### PROBLEM
Could the data below be copied exactly, minus the pictures?

Spatial localization data:

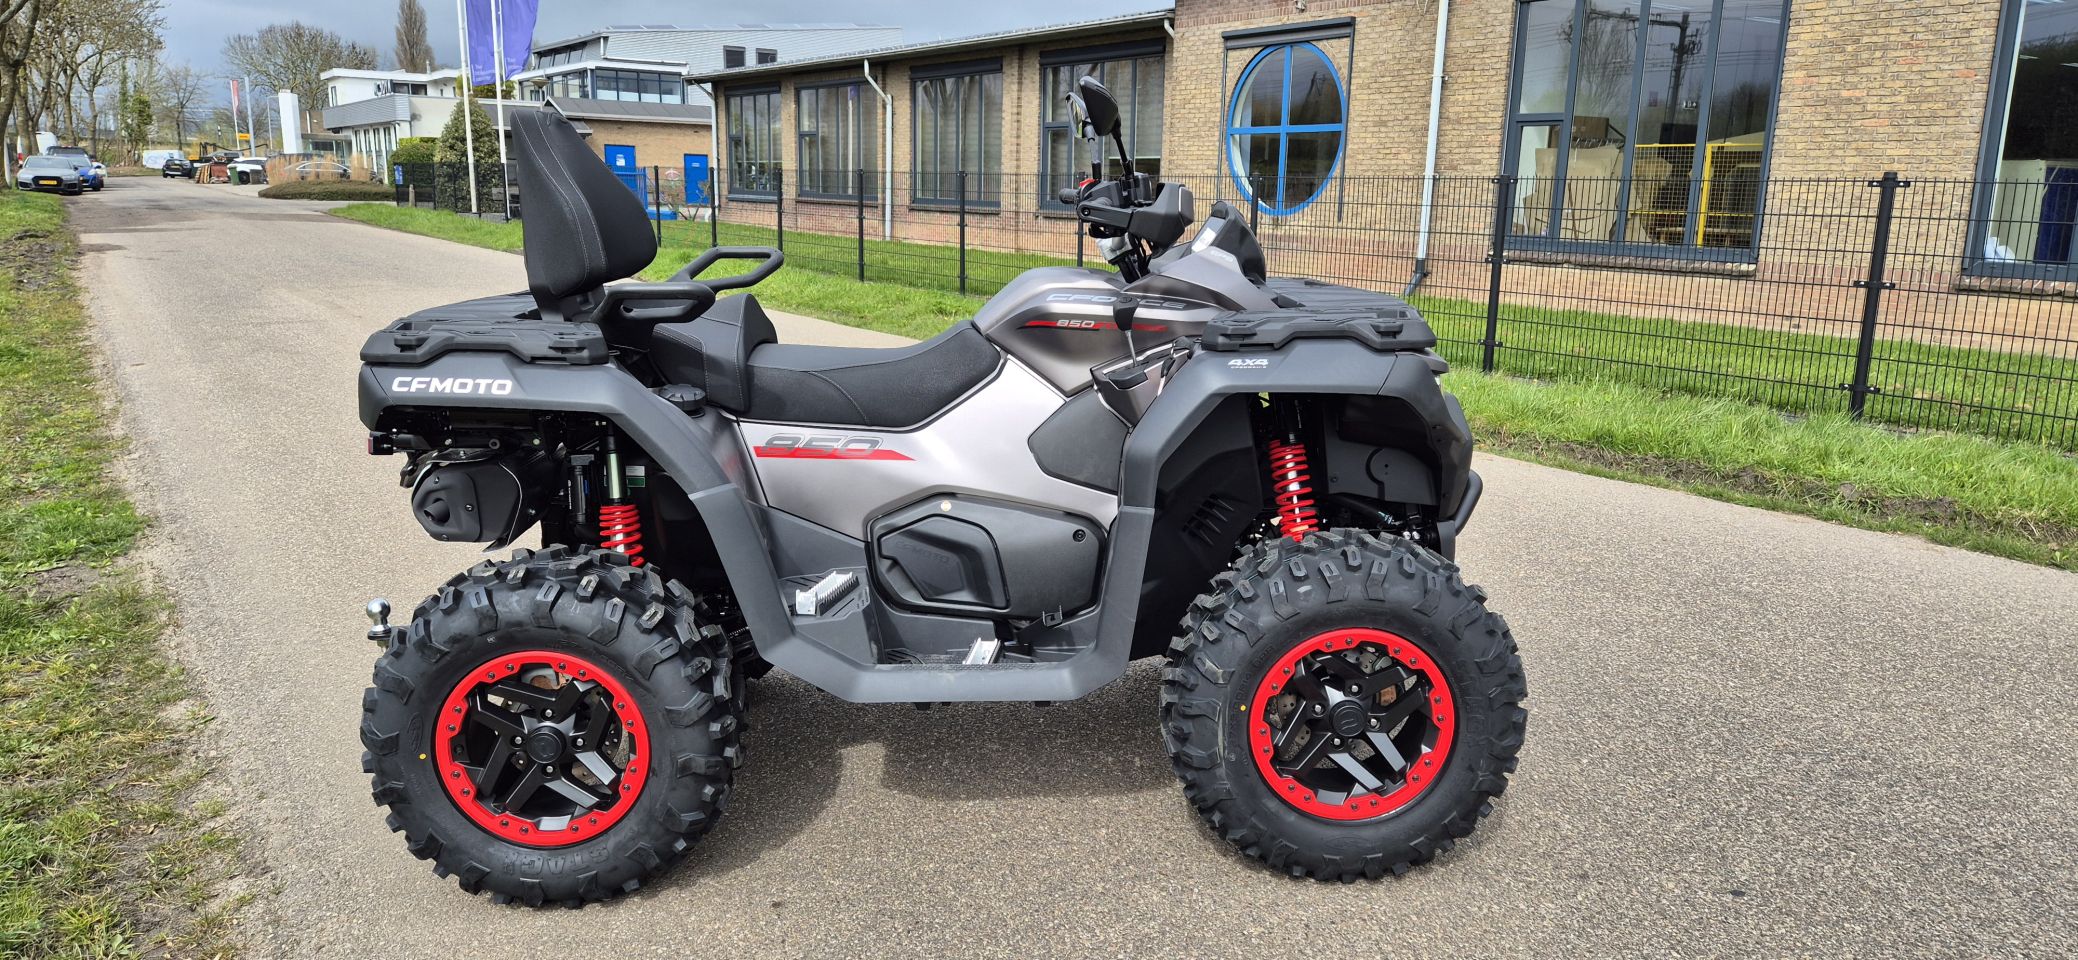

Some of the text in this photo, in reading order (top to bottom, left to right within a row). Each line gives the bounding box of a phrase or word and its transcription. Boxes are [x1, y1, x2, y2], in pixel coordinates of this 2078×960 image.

[1046, 293, 1187, 309] CFOCE
[1056, 319, 1095, 328] 850
[391, 376, 513, 395] CFMOTO
[762, 433, 882, 456] 850

### RESULT OF THE TASK
Some of the text in this photo, in reading order (top to bottom, left to right within a row). Each line gives the bounding box of a phrase or word and its transcription. Boxes are [x1, y1, x2, y2], in pixel coordinates of this 2078×960 image.

[1046, 293, 1187, 309] CFOCE
[1056, 319, 1095, 328] 850
[391, 376, 513, 395] CFMOTO
[762, 433, 882, 456] 850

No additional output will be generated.